Изменить размер шрифта - +

«Славянофил, — подумал Огюст. — Они все бороды носят…»

— Я только что из чумной избы, — пояснил доктор свое предупреждение. — Моюсь вот, но и это не дает гарантии… Вы — кто?

Огюст назвал себя и объяснил цель своего приезда. Доктор усмехнулся:

— Вы — благородный человек, сударь. Могу вас обрадовать — госпожа Самсонова не больна, и я в этом совершенно уверен. Я к ней не притрагивался, скажу честно, просто боялся ее же и заразить, но и так все видно. У нее была еще вчера легкая лихорадка, но это всего только расстроенные нервы. Должно быть, она страдает порою истерическими приступами. Вы желаете увезти ее?

— Если это возможно, — сказал Монферран. — Ее отец и мать умирают от страха за нее. Вы позволите?

— Если позволит начальство, то я возражать не буду, — кивнул бородатый лекарь. — Два дня к ней никто не входил, кроме ее француженки-компаньонки, а та дальше этого двора тоже не ходила. Что до еды, то у них, кажется, было что-то запасено, во всяком случае, эта бойкая девица — я разумею компаньонку — ничего не вносила в дом. Впрочем, пойдите и сами расспросите, что и как. Дверь в комнаты артистки вон та, с левого крыла. К правому не подходите: идиот-хозяин вчера пальнул в меня из пистолета. Он рехнулся от страха и, сдается мне, вот-вот умрет от белой горячки… Чума к таким болванам не пристает.

Пять минут спустя Огюст вошел в комнату мадемуазель Самсоновой. Елена, увидав его, вскрикнула, вскочила и, кинувшись ему на шею, разрыдалась.

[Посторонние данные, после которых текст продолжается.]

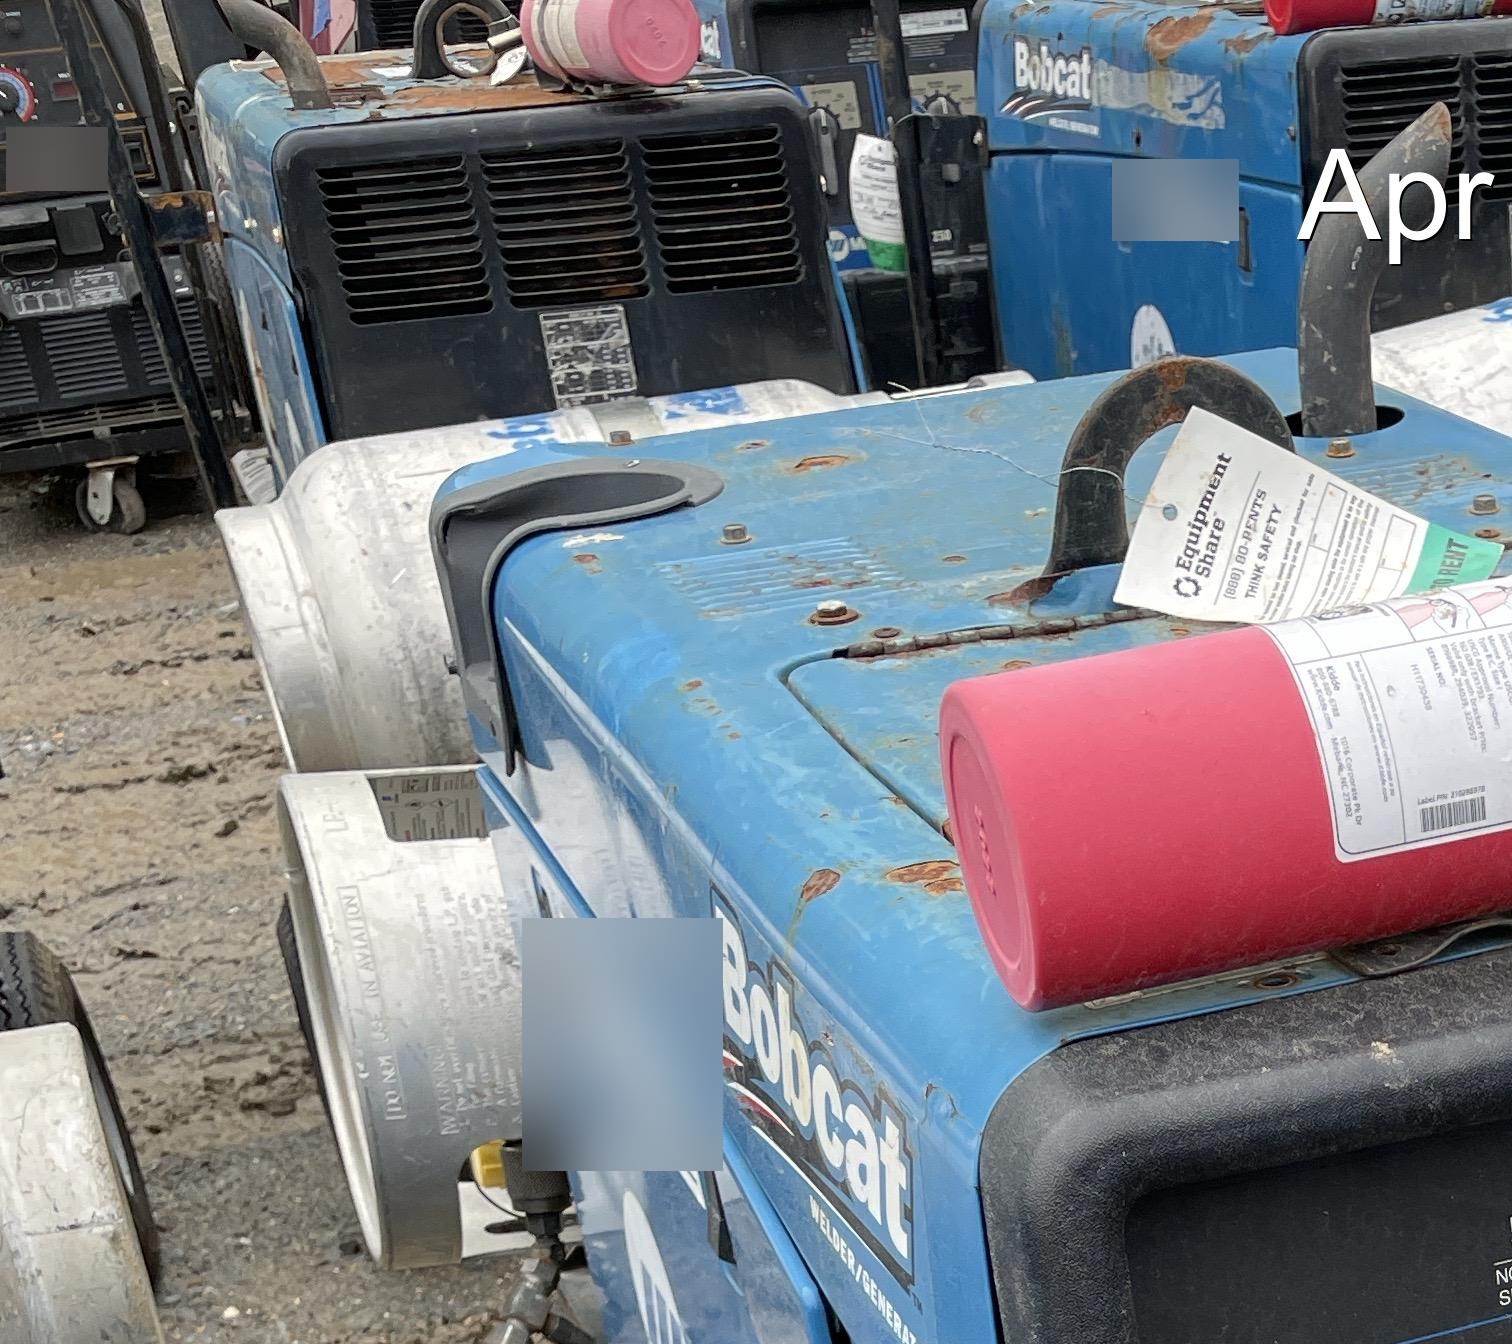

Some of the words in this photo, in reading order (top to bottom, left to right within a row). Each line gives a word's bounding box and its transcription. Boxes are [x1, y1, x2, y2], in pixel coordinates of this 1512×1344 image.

[1013, 36, 1092, 100] Bobcat
[1175, 453, 1232, 572] Equipment
[1197, 518, 1226, 578] Share
[1234, 488, 1267, 567] 80-RENTS
[1223, 564, 1246, 600] (888)
[1245, 554, 1264, 598] THINK
[1257, 503, 1284, 558] SAFETY
[1440, 537, 1469, 575] RENT
[714, 906, 912, 1262] Bobcat
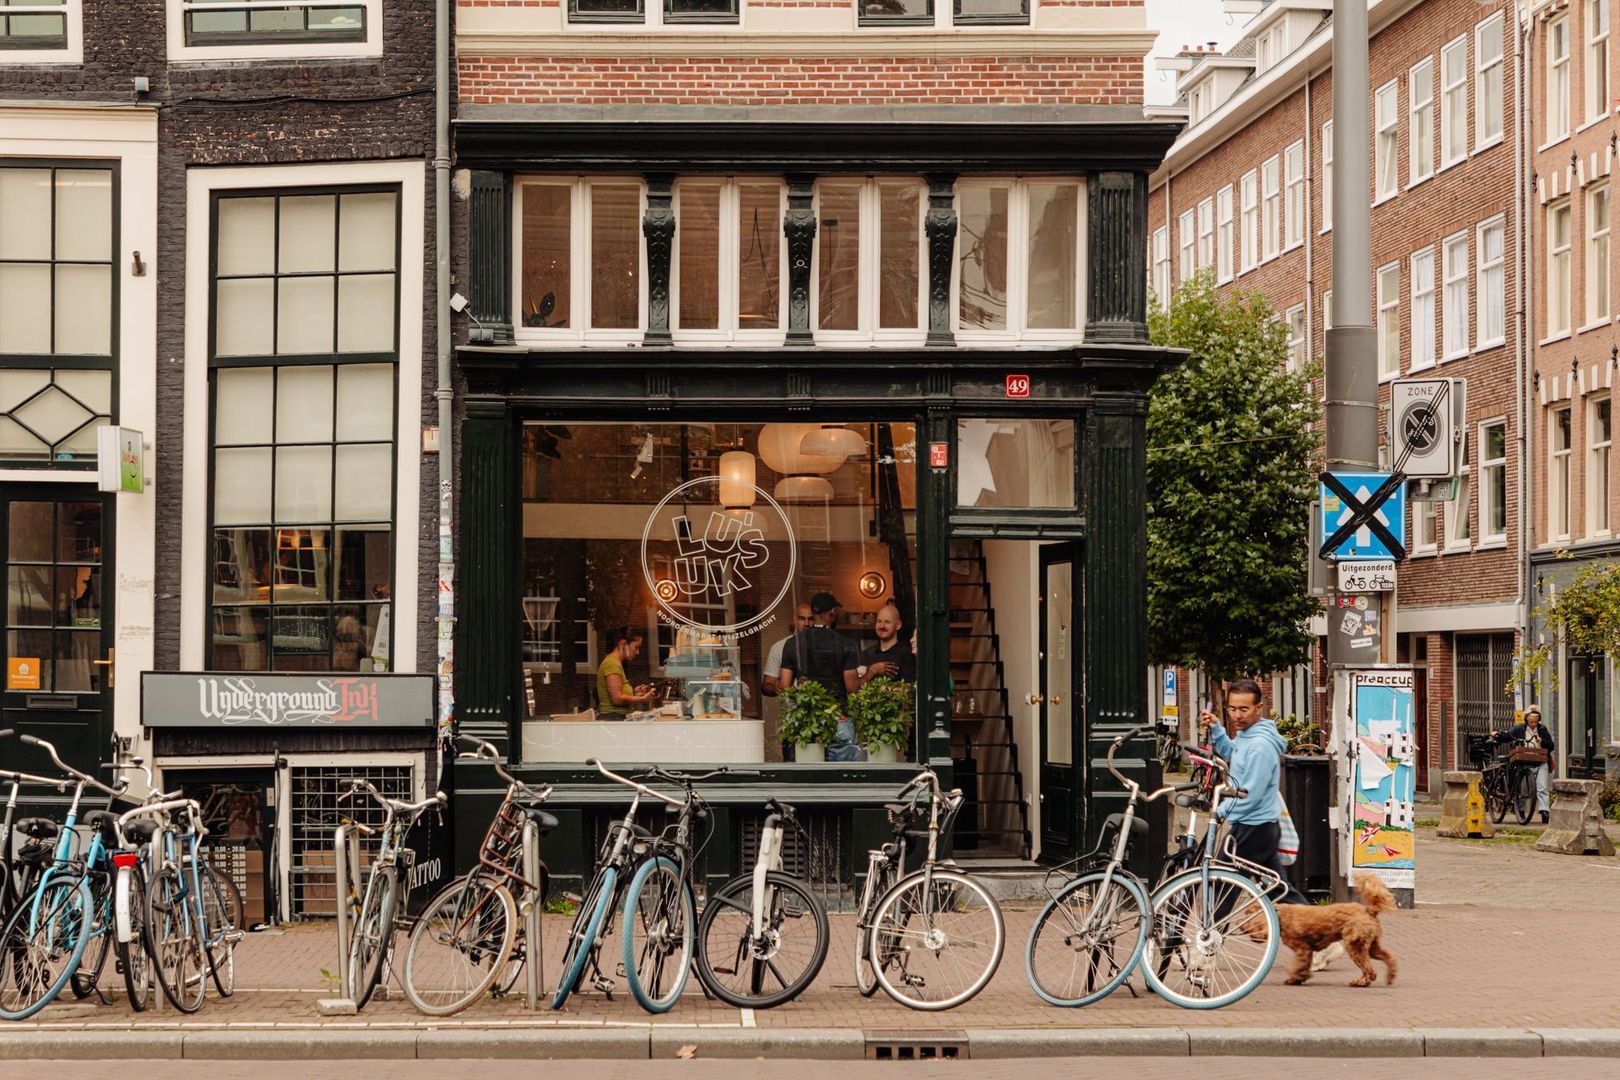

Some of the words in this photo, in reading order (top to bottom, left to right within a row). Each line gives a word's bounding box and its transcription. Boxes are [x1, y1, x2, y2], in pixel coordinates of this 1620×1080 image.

[1009, 379, 1027, 393] 49
[1407, 386, 1434, 397] ZONE
[674, 552, 752, 597] UK
[1342, 564, 1393, 574] Uitgezonderd
[723, 614, 778, 640] VIJZELGRACHT
[1166, 671, 1174, 686] P
[198, 678, 342, 725] Underground
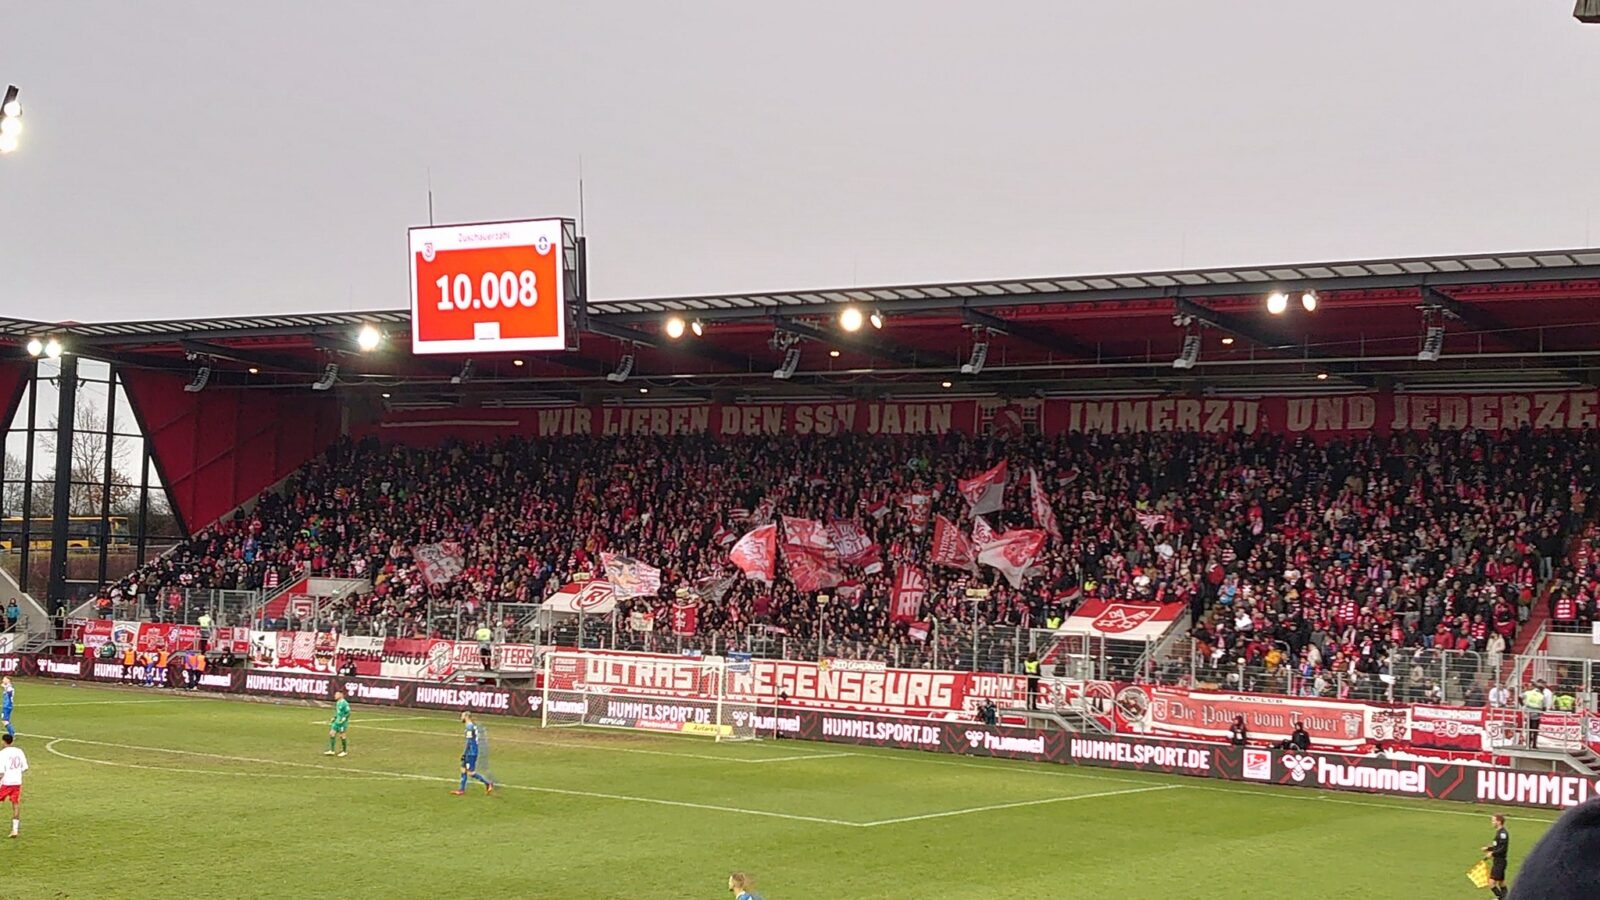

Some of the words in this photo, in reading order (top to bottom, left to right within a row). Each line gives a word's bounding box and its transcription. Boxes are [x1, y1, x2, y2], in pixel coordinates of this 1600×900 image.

[435, 270, 538, 311] 10.008
[538, 408, 592, 437] WIR
[603, 406, 709, 437] LIEBEN
[721, 406, 783, 436] DEN
[795, 404, 856, 434] SSV
[867, 403, 952, 434] JAHN
[1069, 400, 1259, 435] IMMERZU
[1287, 398, 1376, 432] UND
[246, 674, 330, 696] HUMMELSPORT.DE
[358, 682, 400, 700] hummel
[416, 686, 510, 709] HUMMELSPORT.DE
[586, 658, 692, 691] ULTRAS
[733, 662, 955, 708] REGENSBURG
[970, 676, 1014, 698] JAHN
[607, 700, 712, 725] HUMMELSPORTDE
[1230, 695, 1283, 704] FANCLUB
[822, 717, 941, 745] HUMMELSPORT.DE
[1171, 702, 1196, 719] Die
[1254, 711, 1284, 728] vom
[1289, 710, 1339, 732] Tower
[984, 730, 1045, 754] hummel
[1071, 739, 1211, 770] HUMMELSPORT.DE
[1317, 756, 1426, 794] hummel
[1477, 770, 1600, 807] HUMMEL

— Август Августович, — она глотала слезы. — Господи… я так… так боялась… я думала… что уж ни матушки, ни батюшки не увижу, ни Миши, ни Сабины…

— Полно! — сердито и ласково проговорил Монферран. — Теперь о них плачешь, а могла бы к ним ехать и побыстрее и в имения не заворачивать. Вот для чего тебя сюда занесло, а?

— Сама не знаю… — она тихо всхлипнула на его плече. — Не подумайте ничего дурного. Просто господин Селиванов пригласил меня. Он давно в меня влюблен… еще в Париже слал письмо за письмом. Конечно, ничего лишнего он себе не позволял, не то бы я заезжать к нему не стала… Я не хотела, чтоб и дома знали об этой моей глупости, да вот как вышло! Господи, что Егор-то подумает?

— Егор?! — Огюст вдруг почувствовал, что не может сдержаться. — Ты про него вспомнила? Не волнуйся, мадемуазель Звезда, он-то ничего плохого о тебе подумать не может. Он в ноги мне повалился, чтоб я кинулся спасать тебя отсюда, будто не знал, что я и так кинусь. Мне вчера вечером пропуска было не достать, я только с утра добрался до генерал-губернатора, так Егор всю ночь просидел у нас в гостиной, как мы с Элизой его ни уговаривали лечь, он не лег, не сумел… Ах, да к чему я тебе говорю это? Что тебе до него? Разве ты кого-нибудь любишь?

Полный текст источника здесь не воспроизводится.